Data under study Start Marker
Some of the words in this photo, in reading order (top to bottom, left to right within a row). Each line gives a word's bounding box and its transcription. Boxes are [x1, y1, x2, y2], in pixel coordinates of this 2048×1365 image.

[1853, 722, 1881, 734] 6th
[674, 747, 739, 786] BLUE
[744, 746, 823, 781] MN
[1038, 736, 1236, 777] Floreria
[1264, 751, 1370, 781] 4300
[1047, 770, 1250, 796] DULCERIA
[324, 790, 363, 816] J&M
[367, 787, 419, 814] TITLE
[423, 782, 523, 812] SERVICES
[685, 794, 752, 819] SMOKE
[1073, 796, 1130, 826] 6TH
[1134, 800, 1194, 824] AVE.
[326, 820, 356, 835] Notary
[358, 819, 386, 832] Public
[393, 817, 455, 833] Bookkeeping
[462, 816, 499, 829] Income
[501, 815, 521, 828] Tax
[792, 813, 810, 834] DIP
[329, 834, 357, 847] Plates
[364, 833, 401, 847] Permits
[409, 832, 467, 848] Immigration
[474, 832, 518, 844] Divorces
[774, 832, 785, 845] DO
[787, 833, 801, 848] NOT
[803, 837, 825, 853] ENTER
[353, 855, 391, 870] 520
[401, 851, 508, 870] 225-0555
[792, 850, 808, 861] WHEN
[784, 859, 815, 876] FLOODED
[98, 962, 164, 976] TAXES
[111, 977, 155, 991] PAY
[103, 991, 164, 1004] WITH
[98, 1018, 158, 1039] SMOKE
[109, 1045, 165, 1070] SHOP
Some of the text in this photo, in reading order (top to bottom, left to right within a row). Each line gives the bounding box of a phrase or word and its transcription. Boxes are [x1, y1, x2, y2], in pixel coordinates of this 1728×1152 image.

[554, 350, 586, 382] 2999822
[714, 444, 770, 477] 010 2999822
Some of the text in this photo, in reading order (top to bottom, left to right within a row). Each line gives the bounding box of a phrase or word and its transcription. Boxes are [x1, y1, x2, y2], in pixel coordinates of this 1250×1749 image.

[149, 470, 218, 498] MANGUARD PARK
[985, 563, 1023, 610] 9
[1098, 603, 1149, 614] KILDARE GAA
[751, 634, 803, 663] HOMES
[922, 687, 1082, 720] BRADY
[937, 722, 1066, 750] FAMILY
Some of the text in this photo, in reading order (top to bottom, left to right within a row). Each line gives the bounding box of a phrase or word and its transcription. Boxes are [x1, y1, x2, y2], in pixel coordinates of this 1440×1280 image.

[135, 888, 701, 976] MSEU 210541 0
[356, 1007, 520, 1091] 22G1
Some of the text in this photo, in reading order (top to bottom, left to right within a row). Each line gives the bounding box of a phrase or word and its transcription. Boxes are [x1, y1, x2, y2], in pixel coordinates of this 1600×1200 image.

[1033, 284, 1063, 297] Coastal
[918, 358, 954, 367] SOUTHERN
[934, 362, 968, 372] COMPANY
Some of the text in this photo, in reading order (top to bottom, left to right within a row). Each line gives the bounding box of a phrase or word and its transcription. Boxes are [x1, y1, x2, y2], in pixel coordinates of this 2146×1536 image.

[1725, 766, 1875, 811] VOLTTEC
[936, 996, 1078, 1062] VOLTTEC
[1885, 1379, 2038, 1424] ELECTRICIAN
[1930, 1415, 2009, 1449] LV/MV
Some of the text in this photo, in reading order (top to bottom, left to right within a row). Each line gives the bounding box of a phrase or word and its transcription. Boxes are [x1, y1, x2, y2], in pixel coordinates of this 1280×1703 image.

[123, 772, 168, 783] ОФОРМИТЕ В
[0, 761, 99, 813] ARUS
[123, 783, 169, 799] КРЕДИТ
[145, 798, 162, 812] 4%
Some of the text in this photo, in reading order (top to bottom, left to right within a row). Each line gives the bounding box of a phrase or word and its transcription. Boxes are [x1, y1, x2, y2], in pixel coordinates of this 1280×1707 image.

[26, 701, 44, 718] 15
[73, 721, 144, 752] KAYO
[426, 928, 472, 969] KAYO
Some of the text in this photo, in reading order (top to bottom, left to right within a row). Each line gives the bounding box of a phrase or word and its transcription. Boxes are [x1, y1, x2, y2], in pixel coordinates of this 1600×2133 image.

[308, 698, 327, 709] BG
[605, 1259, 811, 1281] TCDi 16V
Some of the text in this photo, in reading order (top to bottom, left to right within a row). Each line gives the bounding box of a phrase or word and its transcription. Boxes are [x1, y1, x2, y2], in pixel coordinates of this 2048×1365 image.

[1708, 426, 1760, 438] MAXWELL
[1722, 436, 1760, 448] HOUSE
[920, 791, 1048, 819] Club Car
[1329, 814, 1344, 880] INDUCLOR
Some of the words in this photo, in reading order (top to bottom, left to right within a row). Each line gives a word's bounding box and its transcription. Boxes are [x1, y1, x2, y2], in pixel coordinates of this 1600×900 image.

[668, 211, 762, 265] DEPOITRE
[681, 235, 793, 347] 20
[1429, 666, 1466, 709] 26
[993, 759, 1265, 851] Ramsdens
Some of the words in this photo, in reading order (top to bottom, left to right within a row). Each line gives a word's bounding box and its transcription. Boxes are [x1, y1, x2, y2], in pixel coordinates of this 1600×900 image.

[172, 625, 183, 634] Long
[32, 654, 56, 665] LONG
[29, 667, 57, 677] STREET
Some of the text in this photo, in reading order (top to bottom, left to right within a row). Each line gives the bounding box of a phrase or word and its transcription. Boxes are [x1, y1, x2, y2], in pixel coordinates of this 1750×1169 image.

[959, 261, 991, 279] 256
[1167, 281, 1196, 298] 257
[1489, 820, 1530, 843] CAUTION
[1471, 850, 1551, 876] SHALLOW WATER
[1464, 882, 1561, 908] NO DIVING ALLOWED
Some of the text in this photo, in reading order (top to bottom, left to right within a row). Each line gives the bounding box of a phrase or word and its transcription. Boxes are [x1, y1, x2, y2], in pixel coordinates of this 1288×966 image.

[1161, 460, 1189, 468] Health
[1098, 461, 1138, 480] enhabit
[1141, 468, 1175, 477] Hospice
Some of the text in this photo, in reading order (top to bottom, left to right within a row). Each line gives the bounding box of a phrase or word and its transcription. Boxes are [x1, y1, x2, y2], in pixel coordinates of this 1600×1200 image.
Data under study End Marker
How to complete this task: Return an exact copy of the listing above, complete in every line.

Answer space:
Some of the words in this photo, in reading order (top to bottom, left to right within a row). Each line gives a word's bounding box and its transcription. Boxes are [x1, y1, x2, y2], in pixel coordinates of this 2048×1365 image.

[1853, 722, 1881, 734] 6th
[674, 747, 739, 786] BLUE
[744, 746, 823, 781] MN
[1038, 736, 1236, 777] Floreria
[1264, 751, 1370, 781] 4300
[1047, 770, 1250, 796] DULCERIA
[324, 790, 363, 816] J&M
[367, 787, 419, 814] TITLE
[423, 782, 523, 812] SERVICES
[685, 794, 752, 819] SMOKE
[1073, 796, 1130, 826] 6TH
[1134, 800, 1194, 824] AVE.
[326, 820, 356, 835] Notary
[358, 819, 386, 832] Public
[393, 817, 455, 833] Bookkeeping
[462, 816, 499, 829] Income
[501, 815, 521, 828] Tax
[792, 813, 810, 834] DIP
[329, 834, 357, 847] Plates
[364, 833, 401, 847] Permits
[409, 832, 467, 848] Immigration
[474, 832, 518, 844] Divorces
[774, 832, 785, 845] DO
[787, 833, 801, 848] NOT
[803, 837, 825, 853] ENTER
[353, 855, 391, 870] 520
[401, 851, 508, 870] 225-0555
[792, 850, 808, 861] WHEN
[784, 859, 815, 876] FLOODED
[98, 962, 164, 976] TAXES
[111, 977, 155, 991] PAY
[103, 991, 164, 1004] WITH
[98, 1018, 158, 1039] SMOKE
[109, 1045, 165, 1070] SHOP
Some of the text in this photo, in reading order (top to bottom, left to right within a row). Each line gives the bounding box of a phrase or word and its transcription. Boxes are [x1, y1, x2, y2], in pixel coordinates of this 1728×1152 image.

[554, 350, 586, 382] 2999822
[714, 444, 770, 477] 010 2999822
Some of the text in this photo, in reading order (top to bottom, left to right within a row). Each line gives the bounding box of a phrase or word and its transcription. Boxes are [x1, y1, x2, y2], in pixel coordinates of this 1250×1749 image.

[149, 470, 218, 498] MANGUARD PARK
[985, 563, 1023, 610] 9
[1098, 603, 1149, 614] KILDARE GAA
[751, 634, 803, 663] HOMES
[922, 687, 1082, 720] BRADY
[937, 722, 1066, 750] FAMILY
Some of the text in this photo, in reading order (top to bottom, left to right within a row). Each line gives the bounding box of a phrase or word and its transcription. Boxes are [x1, y1, x2, y2], in pixel coordinates of this 1440×1280 image.

[135, 888, 701, 976] MSEU 210541 0
[356, 1007, 520, 1091] 22G1
Some of the text in this photo, in reading order (top to bottom, left to right within a row). Each line gives the bounding box of a phrase or word and its transcription. Boxes are [x1, y1, x2, y2], in pixel coordinates of this 1600×1200 image.

[1033, 284, 1063, 297] Coastal
[918, 358, 954, 367] SOUTHERN
[934, 362, 968, 372] COMPANY
Some of the text in this photo, in reading order (top to bottom, left to right within a row). Each line gives the bounding box of a phrase or word and its transcription. Boxes are [x1, y1, x2, y2], in pixel coordinates of this 2146×1536 image.

[1725, 766, 1875, 811] VOLTTEC
[936, 996, 1078, 1062] VOLTTEC
[1885, 1379, 2038, 1424] ELECTRICIAN
[1930, 1415, 2009, 1449] LV/MV
Some of the text in this photo, in reading order (top to bottom, left to right within a row). Each line gives the bounding box of a phrase or word and its transcription. Boxes are [x1, y1, x2, y2], in pixel coordinates of this 1280×1703 image.

[123, 772, 168, 783] ОФОРМИТЕ В
[0, 761, 99, 813] ARUS
[123, 783, 169, 799] КРЕДИТ
[145, 798, 162, 812] 4%
Some of the text in this photo, in reading order (top to bottom, left to right within a row). Each line gives the bounding box of a phrase or word and its transcription. Boxes are [x1, y1, x2, y2], in pixel coordinates of this 1280×1707 image.

[26, 701, 44, 718] 15
[73, 721, 144, 752] KAYO
[426, 928, 472, 969] KAYO
Some of the text in this photo, in reading order (top to bottom, left to right within a row). Each line gives the bounding box of a phrase or word and its transcription. Boxes are [x1, y1, x2, y2], in pixel coordinates of this 1600×2133 image.

[308, 698, 327, 709] BG
[605, 1259, 811, 1281] TCDi 16V
Some of the text in this photo, in reading order (top to bottom, left to right within a row). Each line gives the bounding box of a phrase or word and its transcription. Boxes are [x1, y1, x2, y2], in pixel coordinates of this 2048×1365 image.

[1708, 426, 1760, 438] MAXWELL
[1722, 436, 1760, 448] HOUSE
[920, 791, 1048, 819] Club Car
[1329, 814, 1344, 880] INDUCLOR
Some of the words in this photo, in reading order (top to bottom, left to right within a row). Each line gives a word's bounding box and its transcription. Boxes are [x1, y1, x2, y2], in pixel coordinates of this 1600×900 image.

[668, 211, 762, 265] DEPOITRE
[681, 235, 793, 347] 20
[1429, 666, 1466, 709] 26
[993, 759, 1265, 851] Ramsdens
Some of the words in this photo, in reading order (top to bottom, left to right within a row). Each line gives a word's bounding box and its transcription. Boxes are [x1, y1, x2, y2], in pixel coordinates of this 1600×900 image.

[172, 625, 183, 634] Long
[32, 654, 56, 665] LONG
[29, 667, 57, 677] STREET
Some of the text in this photo, in reading order (top to bottom, left to right within a row). Each line gives the bounding box of a phrase or word and its transcription. Boxes are [x1, y1, x2, y2], in pixel coordinates of this 1750×1169 image.

[959, 261, 991, 279] 256
[1167, 281, 1196, 298] 257
[1489, 820, 1530, 843] CAUTION
[1471, 850, 1551, 876] SHALLOW WATER
[1464, 882, 1561, 908] NO DIVING ALLOWED
Some of the text in this photo, in reading order (top to bottom, left to right within a row). Each line gives the bounding box of a phrase or word and its transcription. Boxes are [x1, y1, x2, y2], in pixel coordinates of this 1288×966 image.

[1161, 460, 1189, 468] Health
[1098, 461, 1138, 480] enhabit
[1141, 468, 1175, 477] Hospice
Some of the text in this photo, in reading order (top to bottom, left to right within a row). Each line gives the bounding box of a phrase or word and its transcription. Boxes are [x1, y1, x2, y2], in pixel coordinates of this 1600×1200 image.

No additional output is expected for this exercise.